Data records:
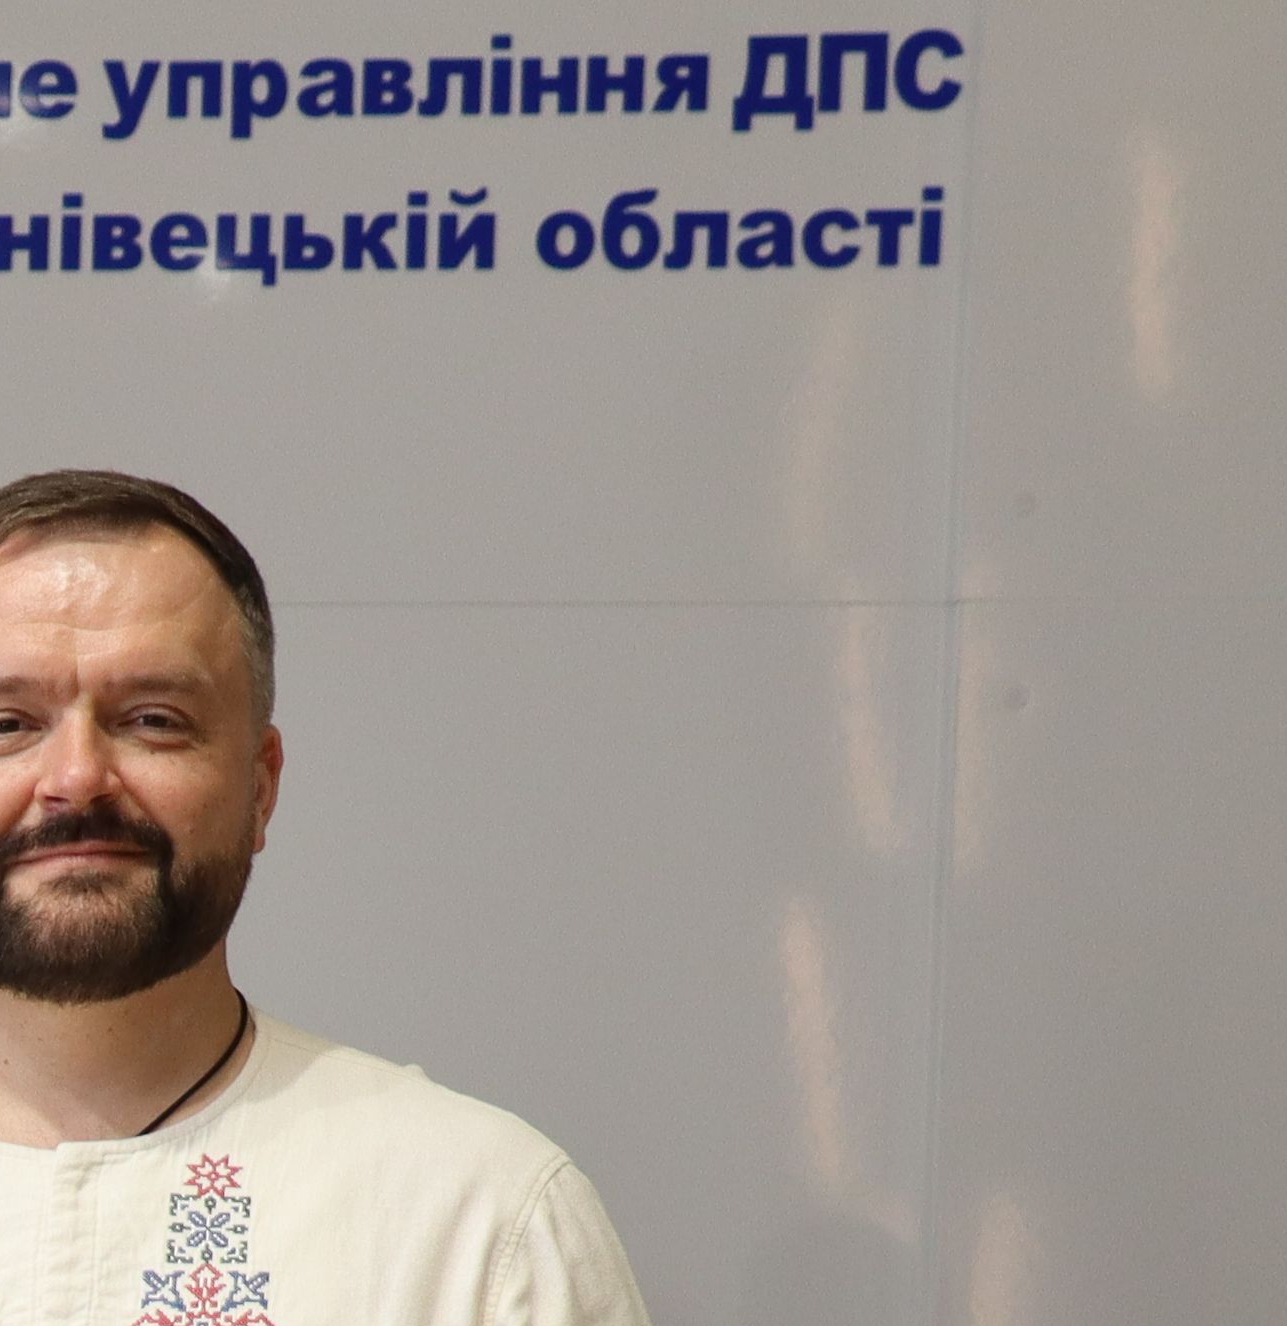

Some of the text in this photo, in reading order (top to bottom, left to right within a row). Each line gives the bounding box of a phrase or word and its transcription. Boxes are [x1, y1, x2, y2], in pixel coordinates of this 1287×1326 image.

[101, 36, 710, 140] управління
[733, 29, 966, 132] ДПС
[534, 188, 945, 274] області
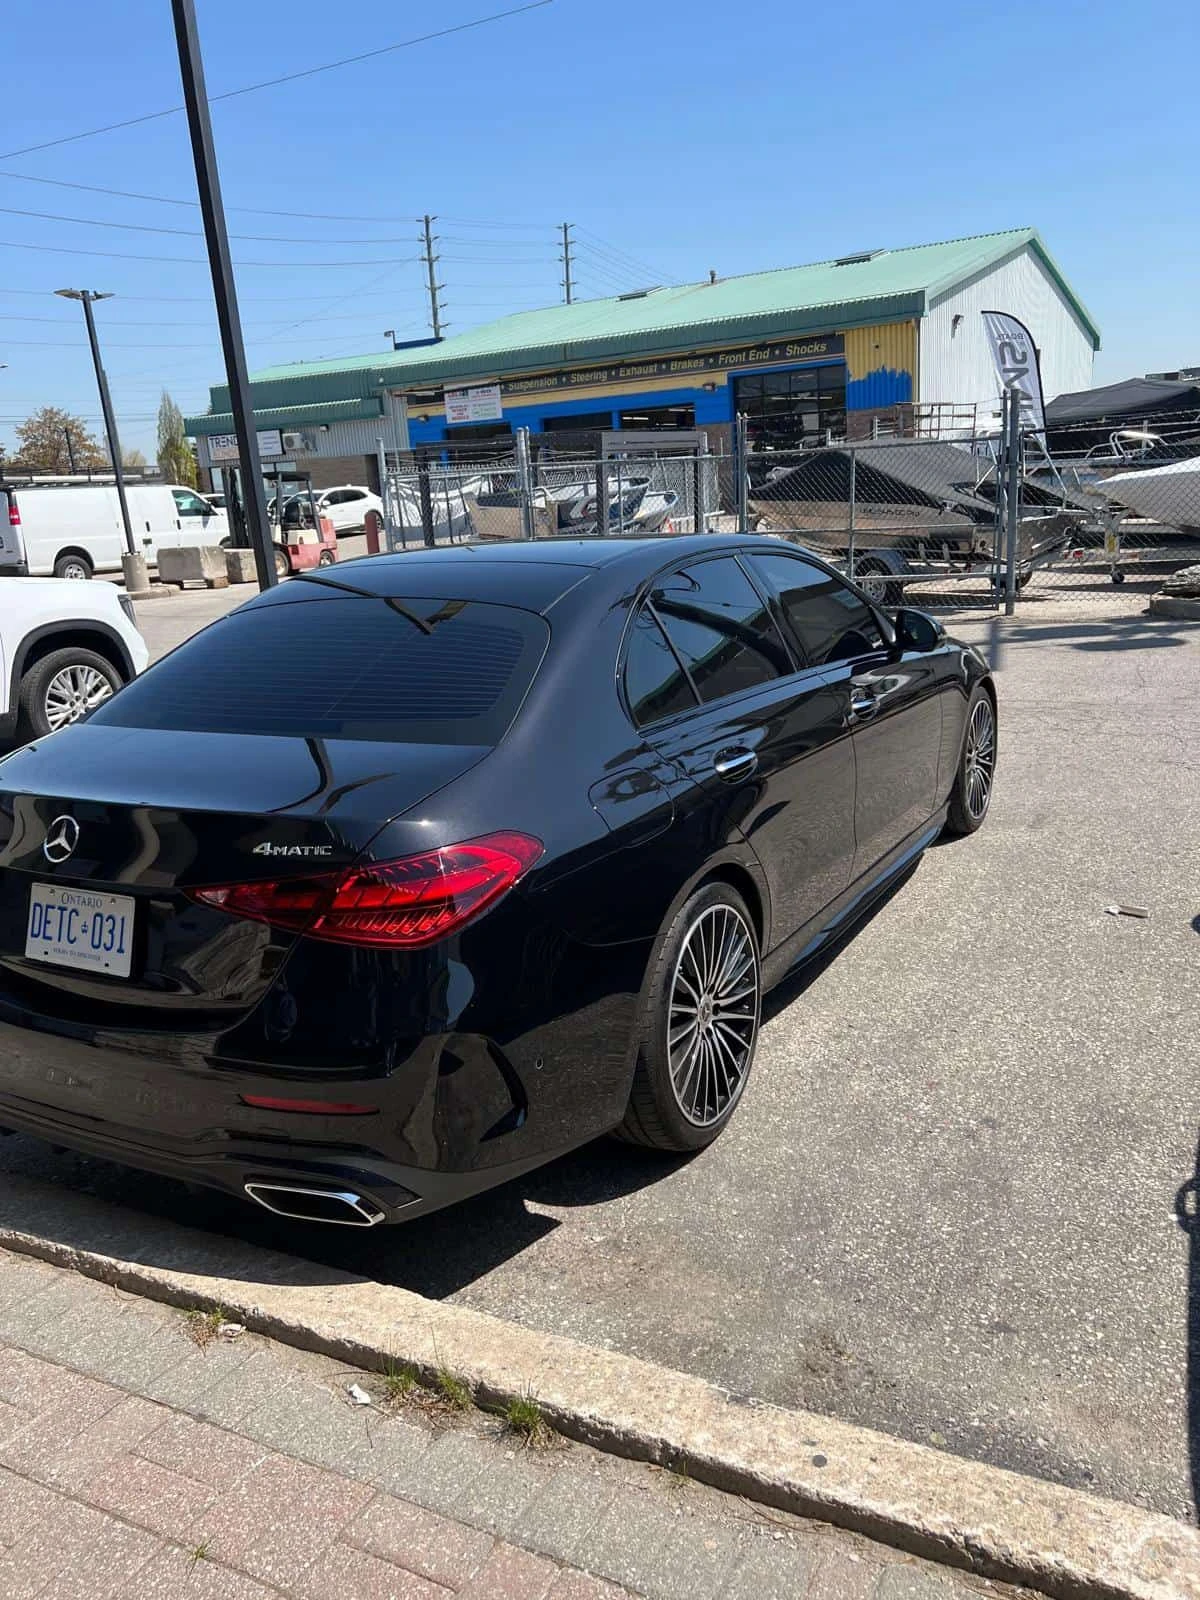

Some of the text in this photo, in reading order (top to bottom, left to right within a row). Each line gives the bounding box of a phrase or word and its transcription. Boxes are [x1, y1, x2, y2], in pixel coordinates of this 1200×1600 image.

[509, 341, 827, 391] Suspension Steering Exhaust Brakes Front End Shocks
[252, 842, 332, 856] 4MATIC
[61, 891, 103, 909] ONTARIO
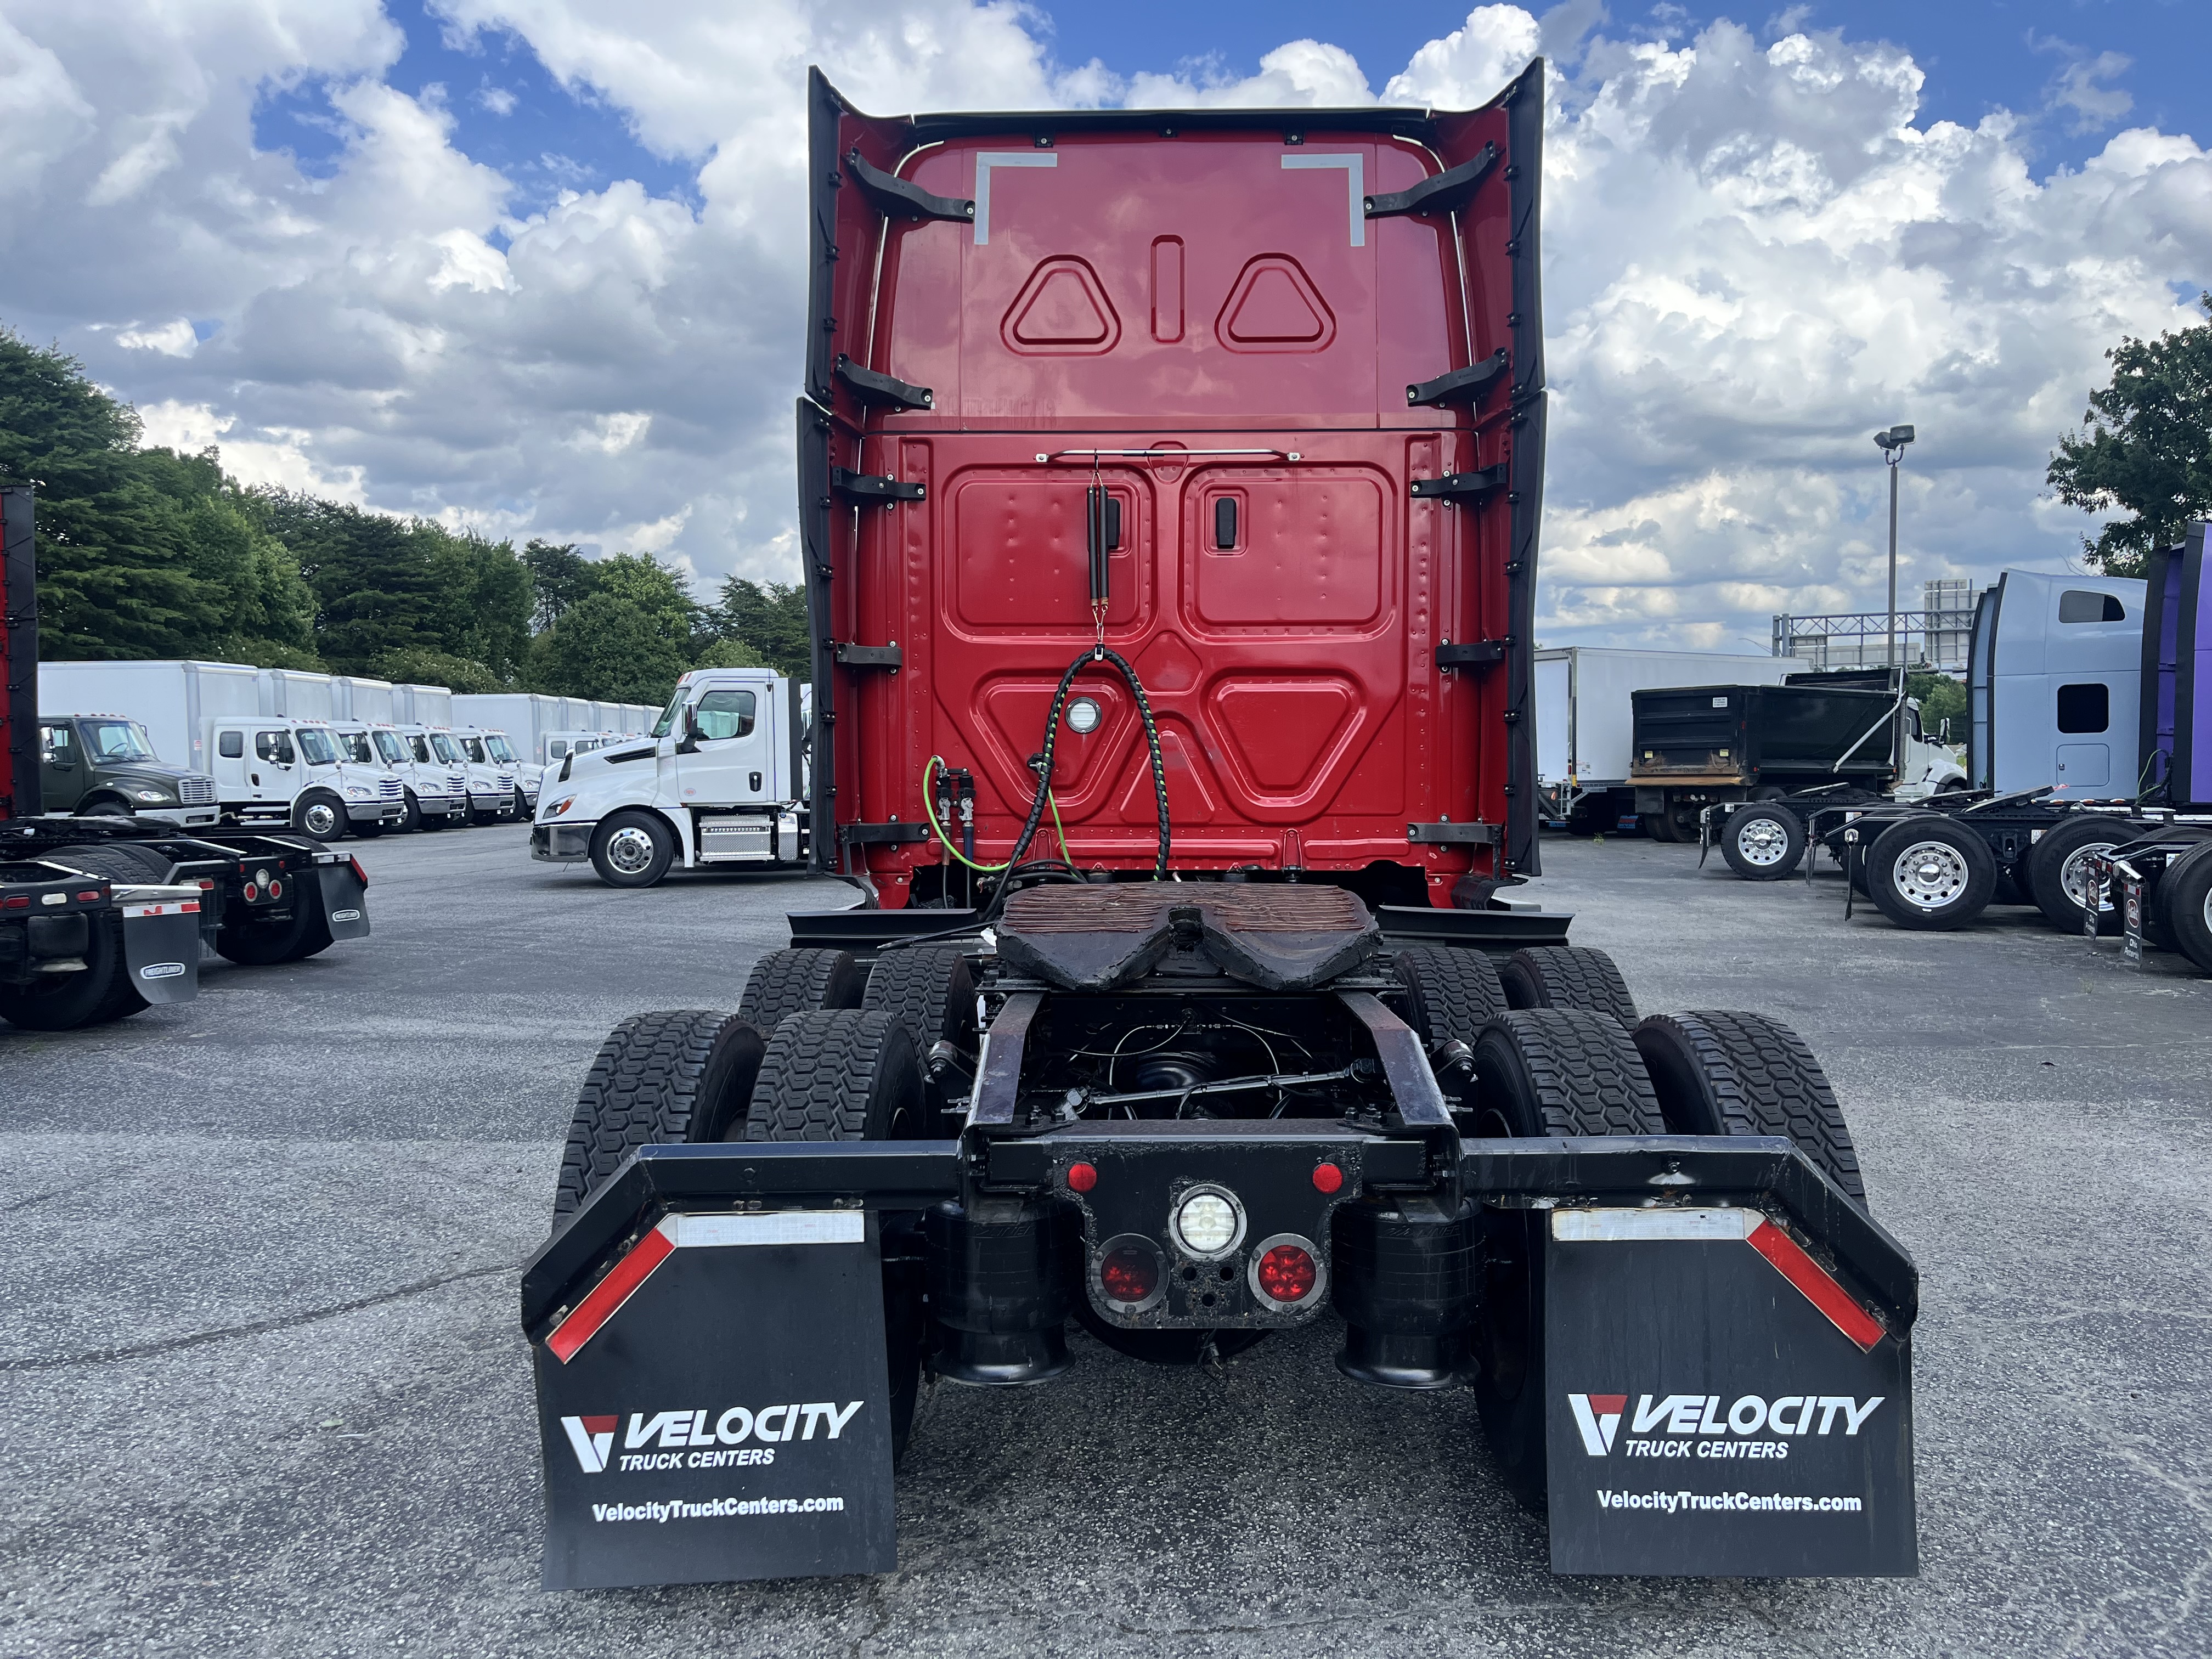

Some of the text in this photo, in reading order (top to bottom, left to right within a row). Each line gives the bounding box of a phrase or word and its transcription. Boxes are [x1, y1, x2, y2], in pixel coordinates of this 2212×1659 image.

[624, 1401, 865, 1449] VELOCITY
[1631, 1394, 1886, 1435] VELOCITY
[619, 1448, 775, 1471] TRUCK CENTERS
[1626, 1440, 1789, 1459] TRUCK CENTERS
[591, 1496, 844, 1523] VelocityTruckCenters.com
[1596, 1489, 1862, 1513] VelocityTruckCenters.com

DESCRIPTION OF THE TASK: Word for word, repeat the lines from the one holding "this 2212×1659 image." through the last line of the entries, both included.

ANSWER SECTION:
Some of the text in this photo, in reading order (top to bottom, left to right within a row). Each line gives the bounding box of a phrase or word and its transcription. Boxes are [x1, y1, x2, y2], in pixel coordinates of this 2212×1659 image.

[624, 1401, 865, 1449] VELOCITY
[1631, 1394, 1886, 1435] VELOCITY
[619, 1448, 775, 1471] TRUCK CENTERS
[1626, 1440, 1789, 1459] TRUCK CENTERS
[591, 1496, 844, 1523] VelocityTruckCenters.com
[1596, 1489, 1862, 1513] VelocityTruckCenters.com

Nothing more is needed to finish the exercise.